AI Article Synopsis

  • The increase in pancreatic cystic lesions (PCLs), especially intraductal papillary neoplasms (IPMNs), is largely due to more advanced imaging techniques like CT and MRI, leading to frequent incidental findings.
  • Surveillance for IPMNs is crucial because of their cancer risk, but their similar appearance to benign lesions can cause diagnostic errors, which may result in unnecessary treatments and strain on healthcare resources.
  • The paper focuses on differentiating IPMNs from similar lesions (like serous cystadenomas and others) by examining their imaging features and characteristics, aiming to improve diagnosis accuracy and patient care while reducing healthcare burdens.

Article Abstract

The rising prevalence of pancreatic cystic lesions (PCLs), particularly intraductal papillary neoplasms (IPMNs), has been attributed to increased utilization of advanced imaging techniques.

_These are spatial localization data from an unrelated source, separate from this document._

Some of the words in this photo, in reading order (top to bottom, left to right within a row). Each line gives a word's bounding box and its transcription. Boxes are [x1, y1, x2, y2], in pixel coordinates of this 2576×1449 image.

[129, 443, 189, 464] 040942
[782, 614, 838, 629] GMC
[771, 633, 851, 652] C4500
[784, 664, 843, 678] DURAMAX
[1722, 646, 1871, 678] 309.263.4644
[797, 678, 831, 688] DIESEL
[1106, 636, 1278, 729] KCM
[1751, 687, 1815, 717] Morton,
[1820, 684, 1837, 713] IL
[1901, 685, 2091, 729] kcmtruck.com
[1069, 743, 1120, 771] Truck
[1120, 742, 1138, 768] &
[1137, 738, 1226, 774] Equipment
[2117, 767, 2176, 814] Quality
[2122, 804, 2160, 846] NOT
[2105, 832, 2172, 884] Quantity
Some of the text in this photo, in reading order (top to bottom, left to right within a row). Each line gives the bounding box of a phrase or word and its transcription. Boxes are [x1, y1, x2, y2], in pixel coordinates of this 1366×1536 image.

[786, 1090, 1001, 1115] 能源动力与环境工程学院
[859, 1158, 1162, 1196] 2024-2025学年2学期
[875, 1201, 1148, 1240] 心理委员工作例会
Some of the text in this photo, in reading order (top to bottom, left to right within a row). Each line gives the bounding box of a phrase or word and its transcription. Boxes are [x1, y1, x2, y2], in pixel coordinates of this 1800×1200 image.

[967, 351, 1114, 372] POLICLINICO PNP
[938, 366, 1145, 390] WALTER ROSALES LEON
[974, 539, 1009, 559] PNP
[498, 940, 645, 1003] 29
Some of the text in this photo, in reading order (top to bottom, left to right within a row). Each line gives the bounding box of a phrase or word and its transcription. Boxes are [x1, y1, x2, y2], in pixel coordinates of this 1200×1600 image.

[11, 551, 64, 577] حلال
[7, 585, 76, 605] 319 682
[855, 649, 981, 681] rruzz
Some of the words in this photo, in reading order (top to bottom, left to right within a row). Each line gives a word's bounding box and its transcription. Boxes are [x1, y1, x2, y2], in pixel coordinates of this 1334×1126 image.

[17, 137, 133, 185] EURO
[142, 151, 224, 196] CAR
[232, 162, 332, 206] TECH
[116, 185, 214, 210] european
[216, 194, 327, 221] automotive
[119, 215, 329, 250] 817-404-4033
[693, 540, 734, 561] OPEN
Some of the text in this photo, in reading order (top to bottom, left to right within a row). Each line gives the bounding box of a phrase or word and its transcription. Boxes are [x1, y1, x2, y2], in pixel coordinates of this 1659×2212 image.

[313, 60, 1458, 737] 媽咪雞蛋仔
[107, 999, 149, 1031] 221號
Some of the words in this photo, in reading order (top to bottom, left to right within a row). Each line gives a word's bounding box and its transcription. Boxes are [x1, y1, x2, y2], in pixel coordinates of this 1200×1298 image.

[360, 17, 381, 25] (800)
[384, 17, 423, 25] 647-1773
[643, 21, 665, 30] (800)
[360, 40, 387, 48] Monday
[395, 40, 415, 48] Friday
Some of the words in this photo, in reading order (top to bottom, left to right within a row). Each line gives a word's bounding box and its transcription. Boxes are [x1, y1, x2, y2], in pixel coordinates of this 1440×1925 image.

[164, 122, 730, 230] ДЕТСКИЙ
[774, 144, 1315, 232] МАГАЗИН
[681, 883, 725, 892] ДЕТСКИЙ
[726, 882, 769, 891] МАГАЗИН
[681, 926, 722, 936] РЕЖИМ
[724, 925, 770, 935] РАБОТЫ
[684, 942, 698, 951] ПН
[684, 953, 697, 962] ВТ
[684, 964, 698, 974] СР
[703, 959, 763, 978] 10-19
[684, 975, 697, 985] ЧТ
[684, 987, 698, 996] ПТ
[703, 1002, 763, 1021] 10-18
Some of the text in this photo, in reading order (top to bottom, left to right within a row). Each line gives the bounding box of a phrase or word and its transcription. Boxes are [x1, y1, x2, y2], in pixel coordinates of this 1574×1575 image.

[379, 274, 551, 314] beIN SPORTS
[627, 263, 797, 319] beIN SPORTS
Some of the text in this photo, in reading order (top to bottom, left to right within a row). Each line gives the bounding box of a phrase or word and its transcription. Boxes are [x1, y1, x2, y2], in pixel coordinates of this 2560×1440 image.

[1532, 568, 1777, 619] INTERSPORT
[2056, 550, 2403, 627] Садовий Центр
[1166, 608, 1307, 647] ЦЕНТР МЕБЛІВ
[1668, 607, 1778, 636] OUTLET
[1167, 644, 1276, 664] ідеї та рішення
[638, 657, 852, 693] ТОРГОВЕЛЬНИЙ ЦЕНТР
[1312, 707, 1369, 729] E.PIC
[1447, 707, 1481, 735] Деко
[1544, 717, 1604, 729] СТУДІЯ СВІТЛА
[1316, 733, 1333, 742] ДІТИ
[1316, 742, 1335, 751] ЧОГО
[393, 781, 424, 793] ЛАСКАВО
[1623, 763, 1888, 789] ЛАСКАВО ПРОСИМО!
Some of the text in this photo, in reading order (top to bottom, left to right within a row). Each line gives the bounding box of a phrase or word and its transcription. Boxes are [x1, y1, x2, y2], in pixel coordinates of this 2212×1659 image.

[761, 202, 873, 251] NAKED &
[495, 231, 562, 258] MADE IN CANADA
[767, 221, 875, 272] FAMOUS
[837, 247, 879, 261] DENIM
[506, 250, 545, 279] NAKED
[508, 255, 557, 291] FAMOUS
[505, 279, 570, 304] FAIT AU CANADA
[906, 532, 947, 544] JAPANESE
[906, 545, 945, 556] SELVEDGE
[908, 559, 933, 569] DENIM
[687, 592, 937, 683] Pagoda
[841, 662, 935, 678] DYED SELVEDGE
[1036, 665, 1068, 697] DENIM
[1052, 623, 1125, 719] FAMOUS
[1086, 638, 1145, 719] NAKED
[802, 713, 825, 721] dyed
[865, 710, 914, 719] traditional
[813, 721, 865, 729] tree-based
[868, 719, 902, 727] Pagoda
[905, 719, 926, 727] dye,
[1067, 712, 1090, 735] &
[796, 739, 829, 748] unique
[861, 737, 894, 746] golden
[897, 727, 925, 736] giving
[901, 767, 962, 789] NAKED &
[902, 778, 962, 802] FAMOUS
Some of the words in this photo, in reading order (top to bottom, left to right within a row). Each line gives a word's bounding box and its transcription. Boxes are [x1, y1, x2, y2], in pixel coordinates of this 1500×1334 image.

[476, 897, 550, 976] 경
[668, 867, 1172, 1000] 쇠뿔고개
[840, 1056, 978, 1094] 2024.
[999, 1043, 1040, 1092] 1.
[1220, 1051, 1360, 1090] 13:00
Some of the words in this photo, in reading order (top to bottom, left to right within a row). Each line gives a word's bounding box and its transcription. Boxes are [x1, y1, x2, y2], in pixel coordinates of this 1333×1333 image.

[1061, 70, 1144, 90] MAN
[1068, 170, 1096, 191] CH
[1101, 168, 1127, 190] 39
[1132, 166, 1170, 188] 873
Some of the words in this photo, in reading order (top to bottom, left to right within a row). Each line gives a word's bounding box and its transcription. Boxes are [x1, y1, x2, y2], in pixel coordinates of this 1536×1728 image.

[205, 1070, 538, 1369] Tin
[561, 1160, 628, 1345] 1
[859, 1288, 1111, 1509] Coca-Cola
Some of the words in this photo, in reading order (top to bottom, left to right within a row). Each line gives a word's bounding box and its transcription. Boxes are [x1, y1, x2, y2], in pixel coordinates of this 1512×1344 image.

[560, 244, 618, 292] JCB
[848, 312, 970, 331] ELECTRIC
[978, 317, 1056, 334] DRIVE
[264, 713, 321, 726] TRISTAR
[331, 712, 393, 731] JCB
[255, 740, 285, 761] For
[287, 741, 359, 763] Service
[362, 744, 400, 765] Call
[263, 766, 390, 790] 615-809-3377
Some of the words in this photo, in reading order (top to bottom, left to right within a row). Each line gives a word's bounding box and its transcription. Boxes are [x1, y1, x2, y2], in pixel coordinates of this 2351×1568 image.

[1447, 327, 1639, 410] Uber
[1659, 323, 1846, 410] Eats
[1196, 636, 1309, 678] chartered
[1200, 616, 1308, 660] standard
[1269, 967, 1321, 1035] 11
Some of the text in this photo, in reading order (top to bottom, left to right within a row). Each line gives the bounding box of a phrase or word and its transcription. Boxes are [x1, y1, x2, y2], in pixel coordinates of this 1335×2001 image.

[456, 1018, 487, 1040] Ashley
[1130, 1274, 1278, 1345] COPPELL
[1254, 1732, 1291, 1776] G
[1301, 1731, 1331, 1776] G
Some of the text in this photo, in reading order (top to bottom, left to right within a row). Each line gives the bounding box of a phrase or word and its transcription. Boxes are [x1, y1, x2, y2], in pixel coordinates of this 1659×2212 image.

Incidental detection of PCLs is frequent in abdominal CT and MRI scans, with IPMNs representing a significant portion of these lesions. Surveillance of IPMNs is recommended due to their malignant potential; however, their overlapping imaging features with benign entities can lead to misdiagnosis, overtreatment, and overutilization of healthcare resources. This paper aims to highlight and differentiate lesions often mistaken for IPMNs, providing insight into their imaging characteristics, diagnostic challenges, and distinctive features while highlighting the incidence of wrong diagnosis for these lesions. These lesions include serous cystadenomas, cystic pancreatic neuroendocrine tumors, mucinous cystic neoplasms, lymphoepithelial cysts, duodenal diverticula, pancreatic schwannomas, chronic pancreatitis, retention cysts, intrapancreatic accessory spleens, pancreatic lipomas, choledochal cysts, and others. Utilizing various imaging modalities, including contrast-enhanced CT, MRI, and EUS, alongside histological and molecular analyses, can aid in accurate diagnosis and appropriate management. Understanding these mimicry scenarios is crucial to avoid unnecessary surveillance, interventions, and the burden they place on both patients and healthcare systems. Improved recognition of these lesions can lead to better patient outcomes and resource allocation.